The study also involved experimental validation using neurons from Alzheimer’s patients, in which the effects of specific metabolites on tau protein levels, a key biomarker of progression of the disease, were tested. This multifaceted approach allows researchers to map important interactions within the gut-brain axis, thereby revealing potential therapeutic targets for Alzheimer’s disease.

One of the most striking results of the study was the identification of specific G-protein-coupled receptors (GPCRs) that interact with metabolites produced by gut bacteria. The researchers focused on orphan GPCR receptors whose natural activators were unknown and found that certain metabolites activate these receptors. This finding is of particular interest because it opens new avenues for drug development to target these receptors to potentially modulate their activity to benefit disease prevention or alleviation.

Among the metabolites studied, phenylethylamine and agmatine stood out for their effects on the tau protein, which is involved in the neurodegenerative features of Alzheimer’s disease. Studies have shown that these metabolites can significantly alter the levels of phosphorylated tau protein in neurons of Alzheimer’s disease patients. Agmatine, in particular, exhibits protective effects by reducing harmful tau phosphorylation, suggesting that it may be a potential candidate for therapeutic development.

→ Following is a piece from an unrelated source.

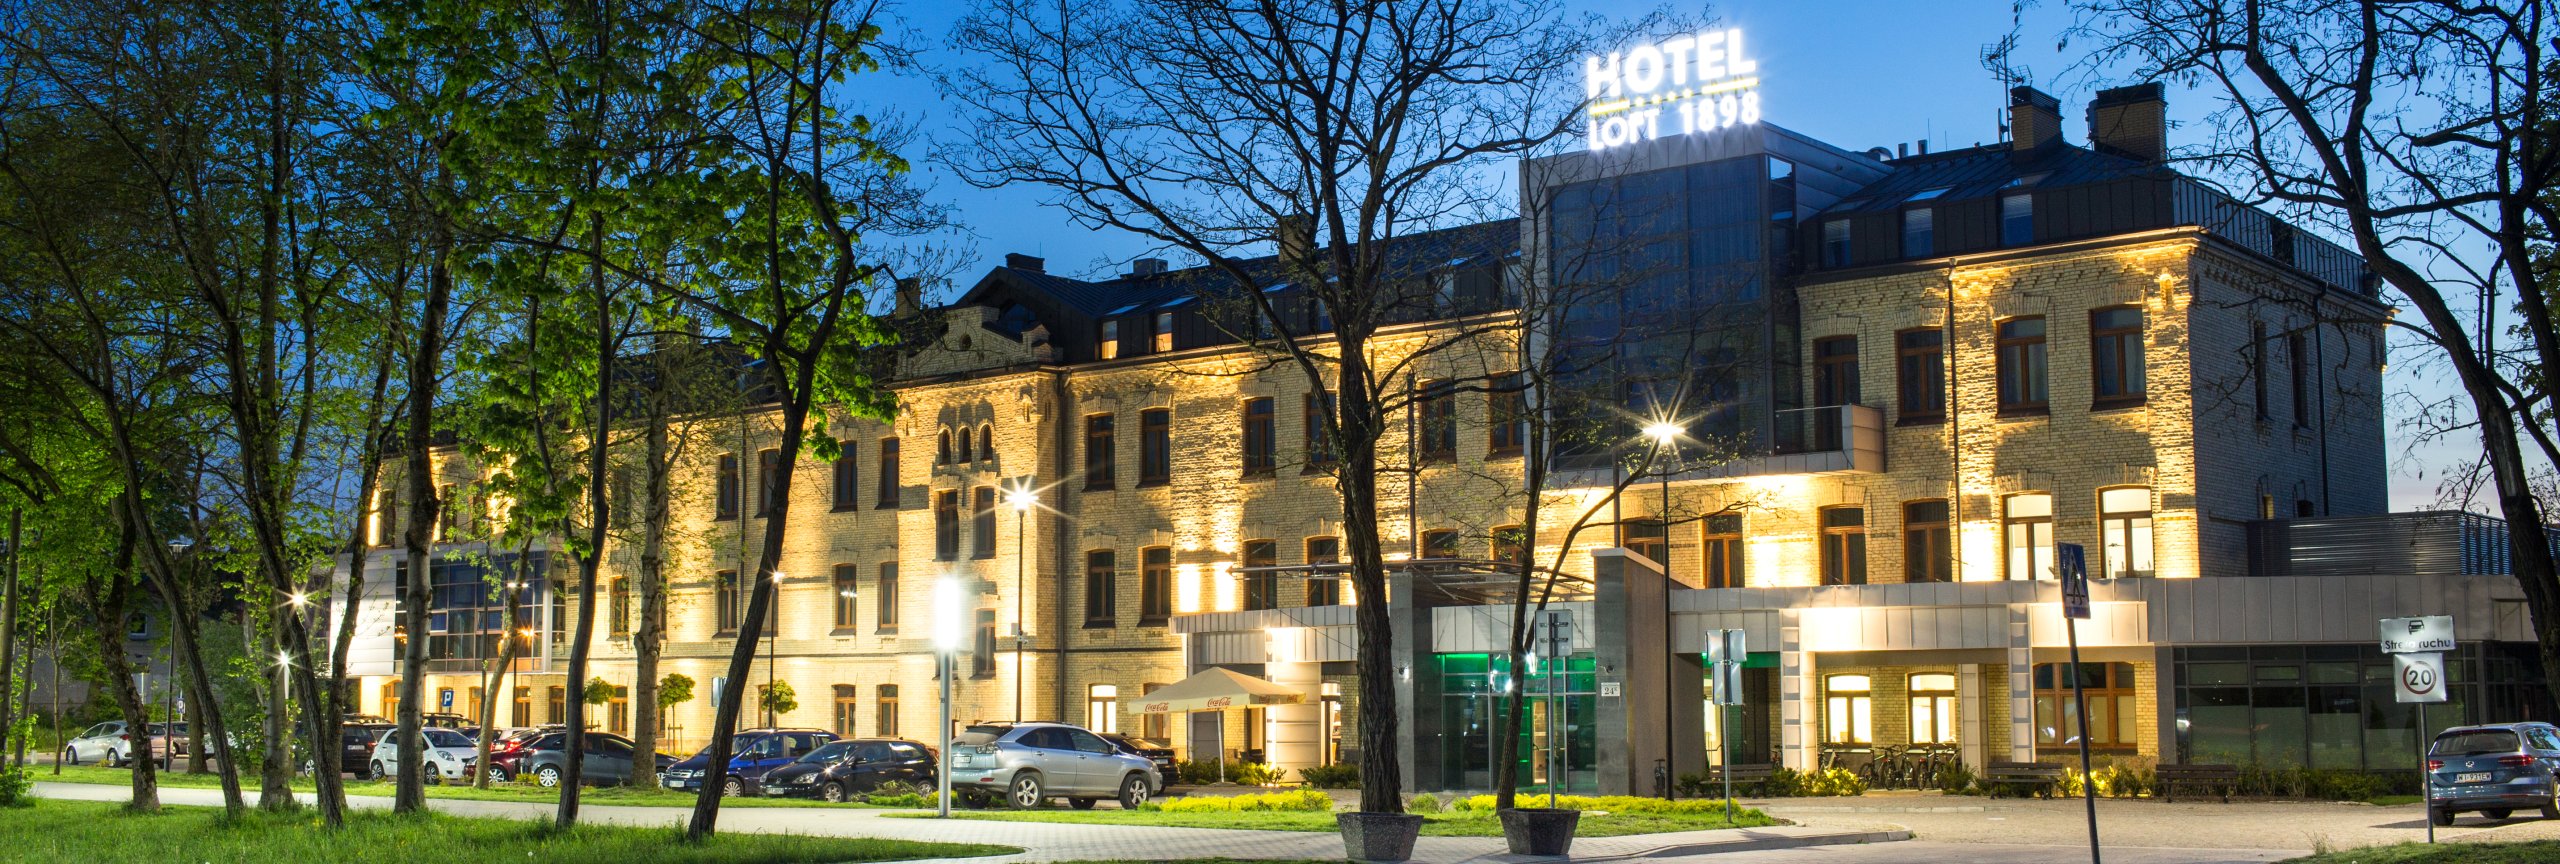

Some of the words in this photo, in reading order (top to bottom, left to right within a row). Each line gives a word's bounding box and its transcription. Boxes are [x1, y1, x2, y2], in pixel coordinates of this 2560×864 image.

The application of machine learning models is critical for predicting interactions between more than one million metabolite-receptor pairs. This high-throughput approach not only simplifies the identification of relevant interactions but also enhances understanding of the complex mechanisms by which gut microbiota influence brain health. By integrating genetic analysis and experimental data, the researchers were able to test these predictions and refine their understanding of the gut-brain axis in the context of Alzheimer’s disease.

While promising, the study’s authors acknowledge some limitations. The complexity of the gut-brain axis means these findings are preliminary and require further validation through experimental and clinical studies. Future studies are needed to confirm these interactions in organisms and explore the therapeutic potential of modulating these pathways.

Furthermore, studies have primarily focused on biochemical interactions at the molecular level without considering the broader physiological and environmental factors that may influence these processes in living systems.

Nonetheless, this study provides a valuable framework for understanding how gut bacterial metabolism affects brain health and disease. The implications of these findings extend beyond Alzheimer’s disease, as these methods and insights may be applicable to other neurological and systemic diseases affected by the gut microbiota.

“We focused specifically on Alzheimer’s disease, but metabolite-receptor interactions play a role in almost all diseases involving gut microbes,” Cheng said. “We hope our approach will provide a framework to advance the entire field of metabolism-related diseases and human health.”

The study is titled “Systematic characterization of the multi-omics landscape between gut microbial metabolites and GPCRome in Alzheimer’s disease” and is authored by Yunguang Qiu, Yuan Hou, Dhruv Gohel, Yadi Zhou, Jielin Xu, Marina Bykova, Yuxin Yang, James B. Leverenz, Andrew A. Pieper, Ruth Nussinov, Jessica ZK Caldwell, J. Mark Brown and Feixiong Cheng.